Он съел половину принесенной рыбы; из полубутылки было тоже порядочно отпито. Он перечел написанное — отчет о нынешнем пребывании у Колстонов, от самого прихода до обратной парковой прогулки, насыщенной нечаянными раздумьями о миссис Петтигру, чье назойливое присутствие, как оно и отмечено в дневнике, вызвало в нем раздражение нравственного оттенка и одновременно эротические ощущения. Дневник-то будет предан огню, но пока что каждое утро он анализировал свои записи, извлекая из них данные для жизненных историй, разнося их по соответствующим блокнотам. Там Чармиан становилась безличной, едва ли не бездомной «Глэдис», миссис Петтигру — «Джоун», а сам он — «Джорджем».
Он оставил картотеку, отложил дневник и примерно час читал один из толстеньких томиков собрания сочинений Ньюмена[7]. Почти дочитав, он отчеркнул карандашом пассаж:
«Я постоянно интересуюсь, отчего в древности умирали старики. Мы читаем: „После того Иосифу сказали: вот, отец твой болен“ или „Приблизилось время умереть Давиду“. Чем они были больны, отчего они умерли? Равно и с отцами церкви. Святой Афанасий умер на восьмом десятке — отчего, от апоплексического удара? Нам не дано уподобиться в смерти мученикам — но иной раз мне думается, что немалое было бы утешение соединиться со святыми исповедниками в их болестях и угасании: папа святой Григорий страдал подагрой, святой Василий — печенью, ну а как святой Григорий Назианзский? Святой Амвросий? Святой Августин и святой Мартин умерли, простудившись, ибо возраст их…»

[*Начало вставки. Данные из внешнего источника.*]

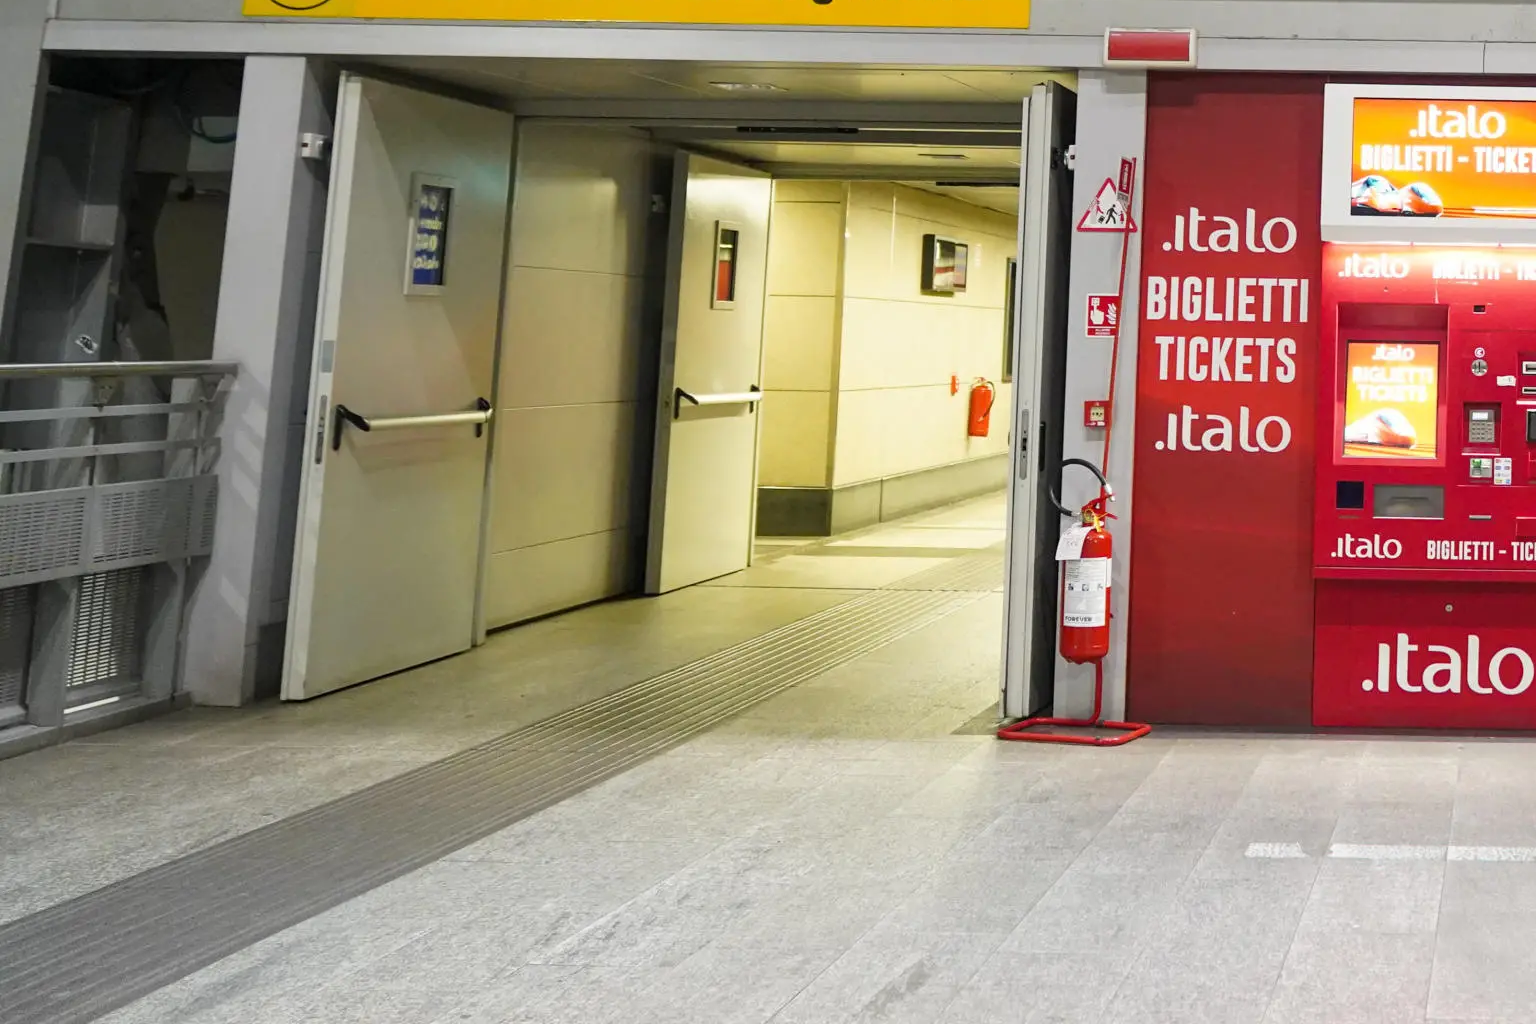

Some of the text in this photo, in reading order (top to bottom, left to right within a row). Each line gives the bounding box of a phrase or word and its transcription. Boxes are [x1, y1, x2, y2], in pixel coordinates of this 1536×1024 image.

[1361, 144, 1453, 171] BIGLIETTI
[1432, 259, 1500, 280] BIGLIETTI
[1146, 276, 1309, 323] BIGLIETTI
[1155, 335, 1297, 383] TICKETS
[1427, 540, 1495, 561] BIGLIETTI

В половине десятого он взял из ящика десятисигаретную пачку и вышел на улицу, на Пэлл-Мэлл, где дежурил ночной сторож, которого Алек Уорнер навещал уже целую неделю. Он все надеялся набрать достаточно толковых ответов, чтобы сконструировать историю жизненного конца. «Сколько вам лет? Где вы живете? Как питаетесь? Верите ли в бога? Имеете ли вероисповедание? Занимались ли когда-нибудь спортом? Какие у вас отношения с женой? А ей сколько лет? Кто? Что? Отчего? Как вам кажется?»
— Вечер добрый, — сказал тот при виде Алека. — Спасибо, — прибавил он, взяв сигарету. Он подвинулся на доске у жаровни, чтобы дать место Алеку.
Алек обогрел руки у огня.
— Как вы себя нынче чувствуете? — спросил он.

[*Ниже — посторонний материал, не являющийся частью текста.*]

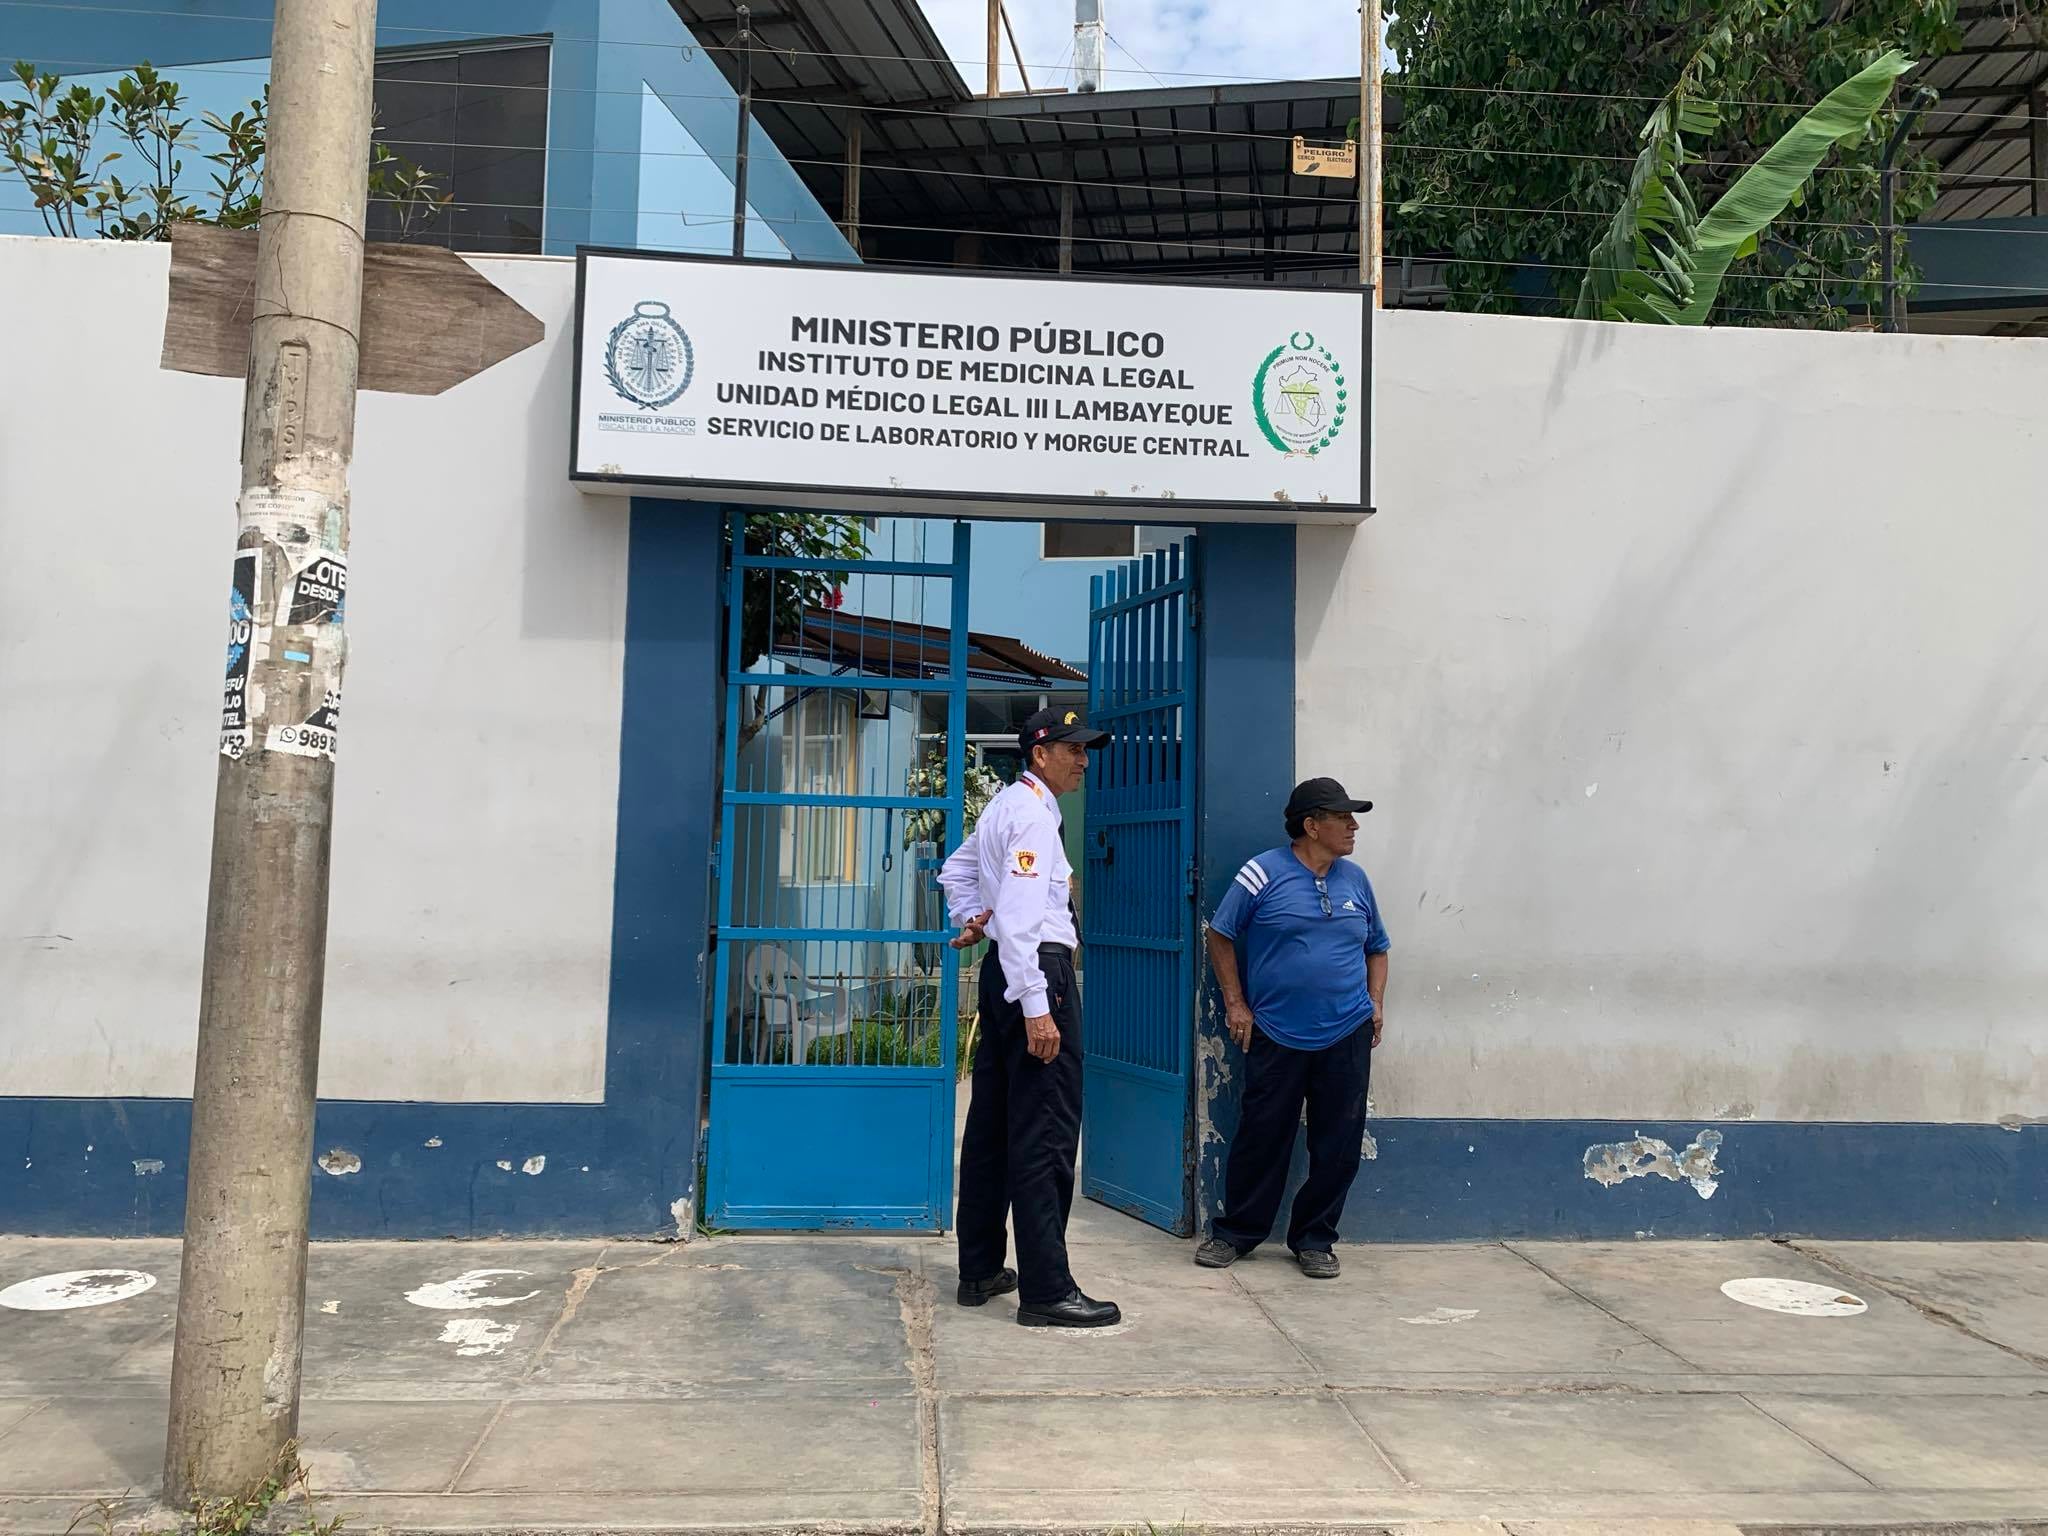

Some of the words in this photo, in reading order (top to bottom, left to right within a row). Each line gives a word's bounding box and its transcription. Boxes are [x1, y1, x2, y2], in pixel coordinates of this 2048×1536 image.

[1303, 148, 1345, 157] PELIGRO
[791, 316, 1000, 353] MINISTERIO
[1009, 321, 1164, 359] PÚBLICO
[758, 350, 909, 379] INSTITUTO
[916, 359, 953, 381] DE
[960, 361, 1095, 387] MEDICINA
[1102, 366, 1195, 390] LEGAL
[1272, 356, 1294, 370] PRIMUM
[1308, 356, 1331, 373] NOCERE
[717, 382, 819, 409] UNIDAD
[826, 384, 925, 414] MÉDICO
[932, 394, 1020, 418] LEGAL
[1026, 398, 1048, 419] III
[1055, 399, 1233, 427] LAMBAYEQUE
[598, 415, 653, 425] MINISTERIO
[707, 416, 814, 441] SERVICIO
[820, 423, 850, 443] DE
[856, 424, 1018, 450] LABORATORIO
[1023, 432, 1039, 450] Y
[1044, 432, 1138, 454] MORGUE
[1142, 436, 1250, 458] CENTRAL
[298, 581, 340, 603] DESDE
[298, 729, 328, 750] 989

— Да не худо! Сам-то как, начальник?
— Да не худо. Лет вам, помнится…
— Семьдесят пять. Для начальства шестьдесят девять.
— Ну конечно, — сказал Алек.
— А то слишком много будут знать.
— Мне-то семьдесят девять, — проворковал Алек.

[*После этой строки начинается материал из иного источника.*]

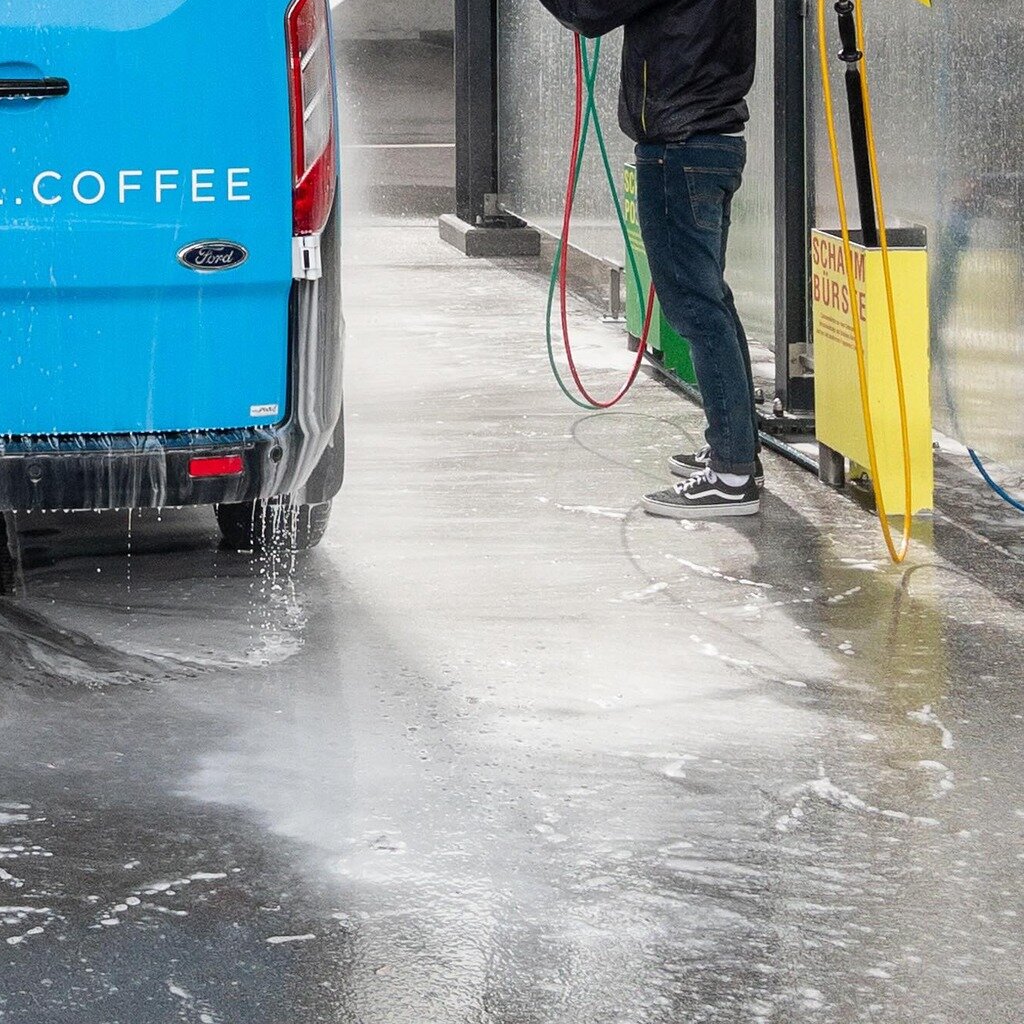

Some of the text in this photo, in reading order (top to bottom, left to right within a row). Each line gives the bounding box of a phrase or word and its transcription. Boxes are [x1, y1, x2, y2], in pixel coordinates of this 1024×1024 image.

— Я те за шестьдесят пять и дня не дам.
Алек, глядя в огонь, улыбнулся: он знал, что это сущая неправда, и ему, кстати, в отличие от большинства было глубоко безразлично, на сколько лет он выглядит.
— Откуда вы родом? — спросил Алек.
Мимо размеренно прошествовал полисмен, на ходу покосившись на двух стариков. Он заметил, что у ночного сторожа приятель необычный, но его это ничуть не удивило. Видывал он и не такое: старики — народ с придурью.
— Легавый-то, — сказал Алек, — молодой еще, интересно ему, что мы тут задумали.
Сторож извлек бутылку с чаем и вытащил пробку.
— Назавтра как, ничего не светит?
— В 14.30 — Карабин. Говорят, будто в 16.15 — Недостижимый. А скажите-ка…
— На Карабина и так все ставят, — сказал сторож. — Грош — не выигрыш.
— Вы днем подолгу спите? — спросил Алек.